# Try it:
Send back the data below exactly. Drop every picture.

(Spatial localization data)
======

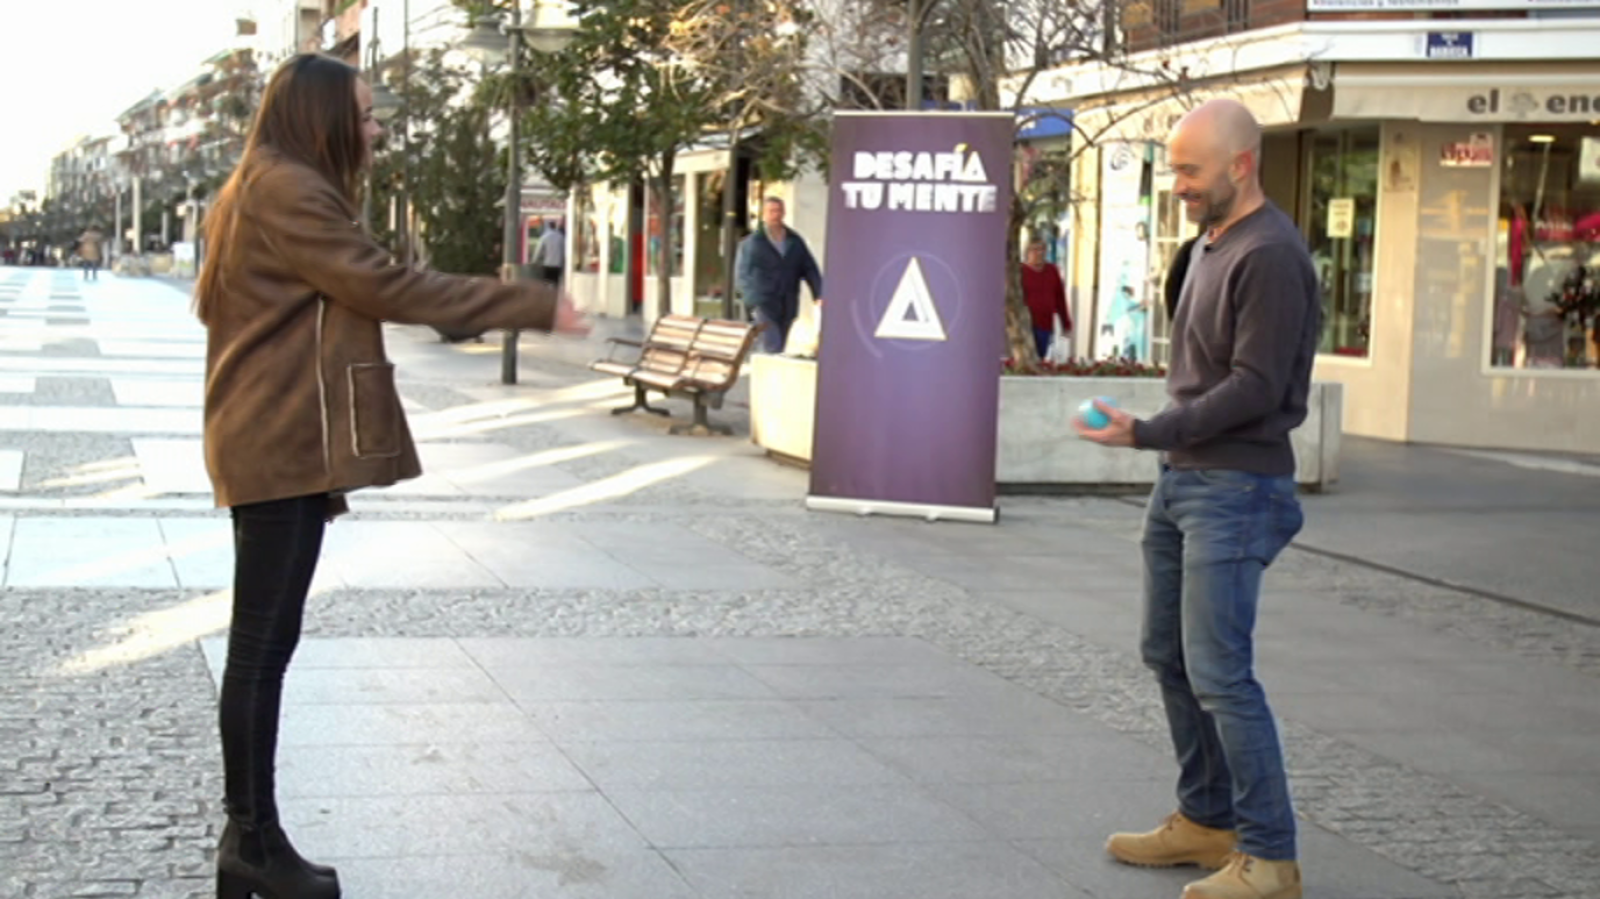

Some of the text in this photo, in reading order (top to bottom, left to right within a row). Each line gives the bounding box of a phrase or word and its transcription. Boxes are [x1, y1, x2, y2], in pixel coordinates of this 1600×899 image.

[1466, 88, 1500, 115] el
[852, 142, 989, 183] DESAFÍA
[840, 181, 998, 213] TU MENTE
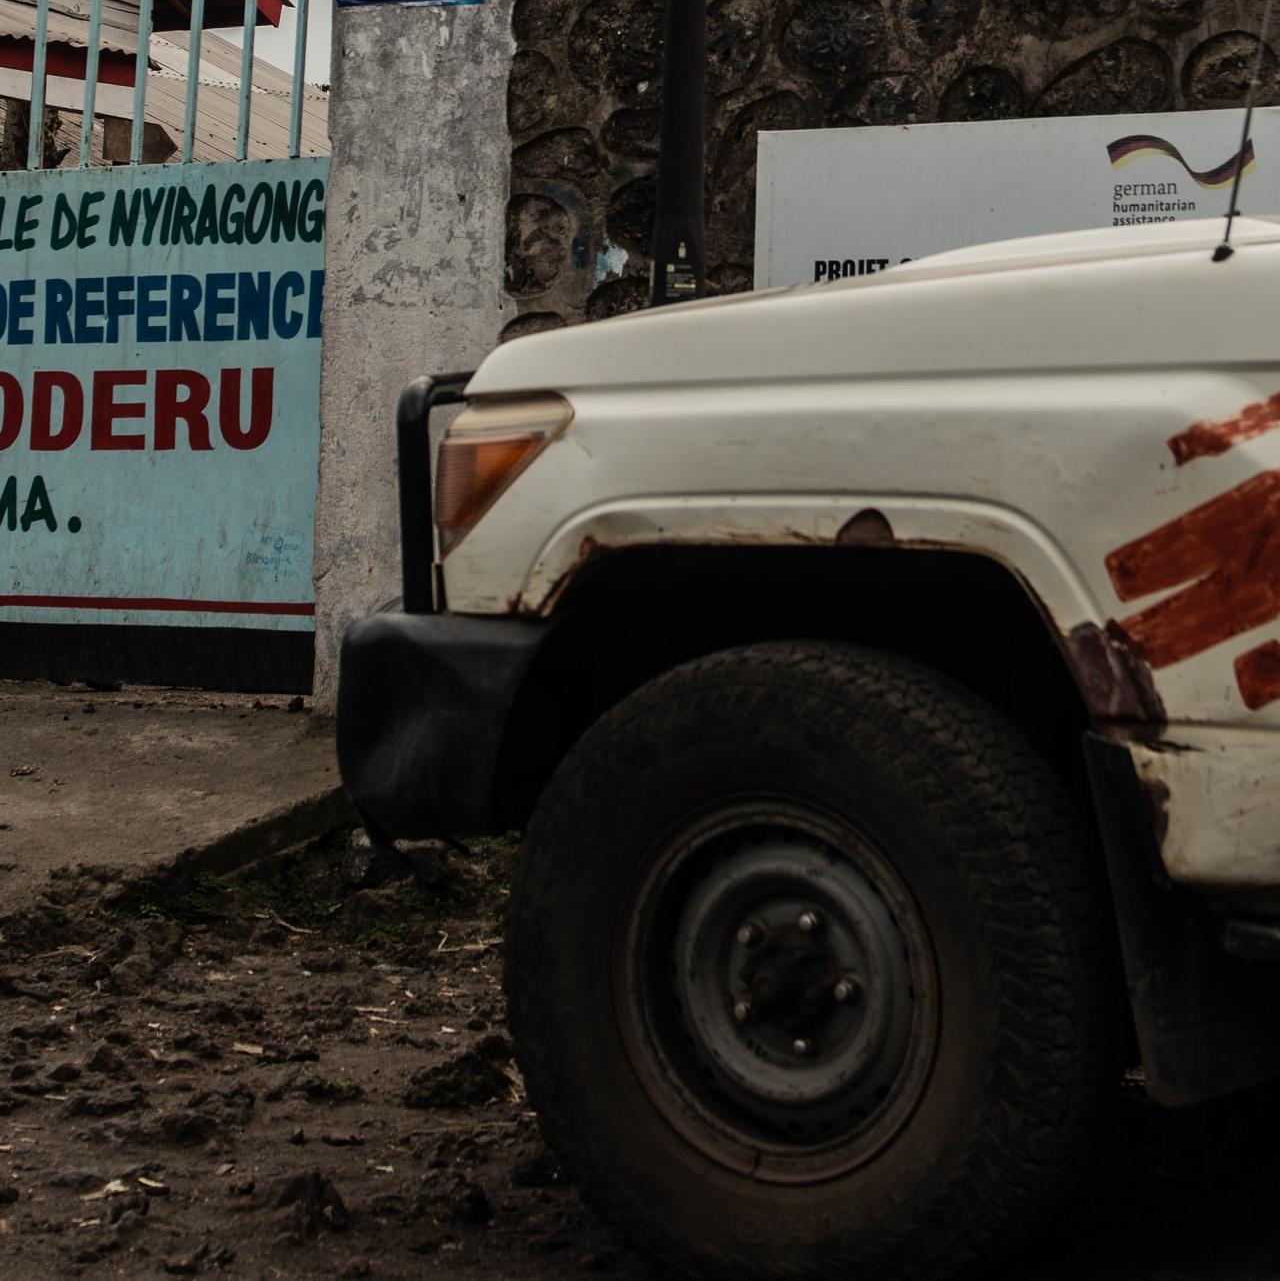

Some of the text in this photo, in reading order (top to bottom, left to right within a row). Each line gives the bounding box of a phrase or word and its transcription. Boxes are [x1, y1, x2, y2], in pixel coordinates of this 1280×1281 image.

======

# Output for this task:
Some of the text in this photo, in reading order (top to bottom, left to right within a row). Each line gives the bounding box of a phrase or word and its transcription. Boxes are [x1, y1, x2, y2], in pixel coordinates of this 1600×899 image.

[1466, 88, 1500, 115] el
[852, 142, 989, 183] DESAFÍA
[840, 181, 998, 213] TU MENTE

Some of the text in this photo, in reading order (top to bottom, left to right within a row). Each line gives the bounding box of a phrase or word and its transcription. Boxes are [x1, y1, x2, y2], in pixel coordinates of this 1280×1281 image.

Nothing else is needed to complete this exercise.